Le temps s'écoula sans histoire. Et mon arrière grand-père était encore bien jeune, 12 ans environ, quand son cousin Camille Mainberte, embrassa longuement ses parents de l'aut' côté d'liau. Il quittait Heurteauville pour Brest.

Engagé dans la Royale


Le 1er avril 1861, alors âgé de 25 ans et matelot depuis cinq années, Camille Mainberte épouse Émilie Houzé, la fille d'un second-maître charpentier bien brestois, un Ti Zef comme on dit dans la cité du Ponant. Ce "bœuf"', surnom des seconds, n'avait pas été gâté par le destin. Sous Napoléon, il avait 4 ans quand son père passa par-dessus bord. Une fois marié, affecté à Toulon, sa femme vint à mourir. Alors, il s'en retourna à Brest et se remaria.
Émilie, sa fille du premier lit, a 17 ans lorsqu'elle épouse notre cousin venu de Normandie. Le consentement des parents du marié fut passé devant Me Bicheray, notaire à Jumièges, le 3 mars 1861. Il fallut aussi l'autorisation du conseil d'administration des équipages de la flotte. Le préfet maritime d'alors était le vice-amiral Gueydon dont on prononce toujours le nom dans une fameuse chanson. Tous Brestois, les quatre témoins des mariés sont Jean Nicolas André, écrivain de Marine, 37 ans, beau-frère du marié, Bris Rivoal, 63 ans et Paul Abgrall, 53 ans, tous deux retraités de la Marine, enfin Ambroise Godoc, 33 ans, menuisier au port,


Musicien des équipages de la flotte
Le couple s'établit au 20 de Bel-Air, à Recouvrance et c'est là que leur vint un premier fils, Julien. Camille Mainberte était alors attesté comme musicien de la Marine.

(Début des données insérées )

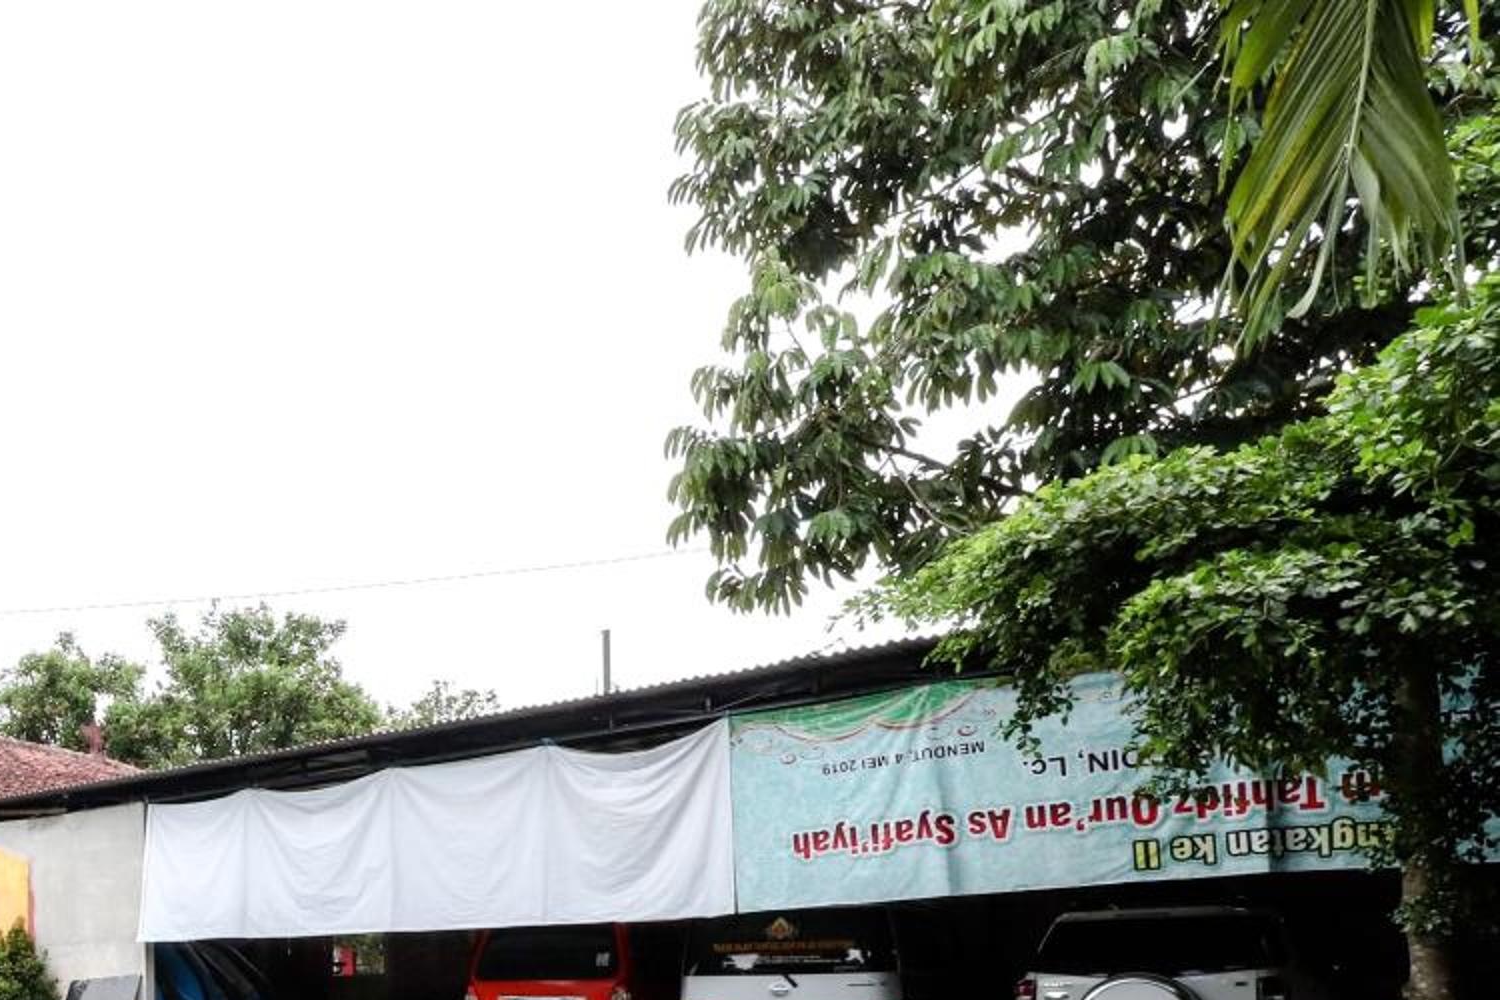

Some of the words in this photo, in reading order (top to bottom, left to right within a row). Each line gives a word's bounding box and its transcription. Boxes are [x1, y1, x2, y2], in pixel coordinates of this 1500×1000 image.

Depuis quand ? Et puis comment ? Oui, comment ce fils de modeste journalier d'Heurteauville a-t-il été versé dans cet orchestre d'harmonie exigeant et à quel pupitre ? Lorsqu'il quitta son pays, la clique des pompiers de Jumièges n'était pas encore née. Fifres, tambours, harmonies... à bord comme à quai, la Marine et ses régiments ont toujours aligné des musiciens. Mais de façon empirique. C'est en 1827 que sont officiellement créés deux orchestres, l'un à Brest, l'autre à Toulon, d'abord composés de 27 exécutants. Ils seront par la suite formés théoriquement de 30 sédentaires renforcés par 40 navigants. Ils forment les musiciens affectés à bord des vaisseaux amiraux.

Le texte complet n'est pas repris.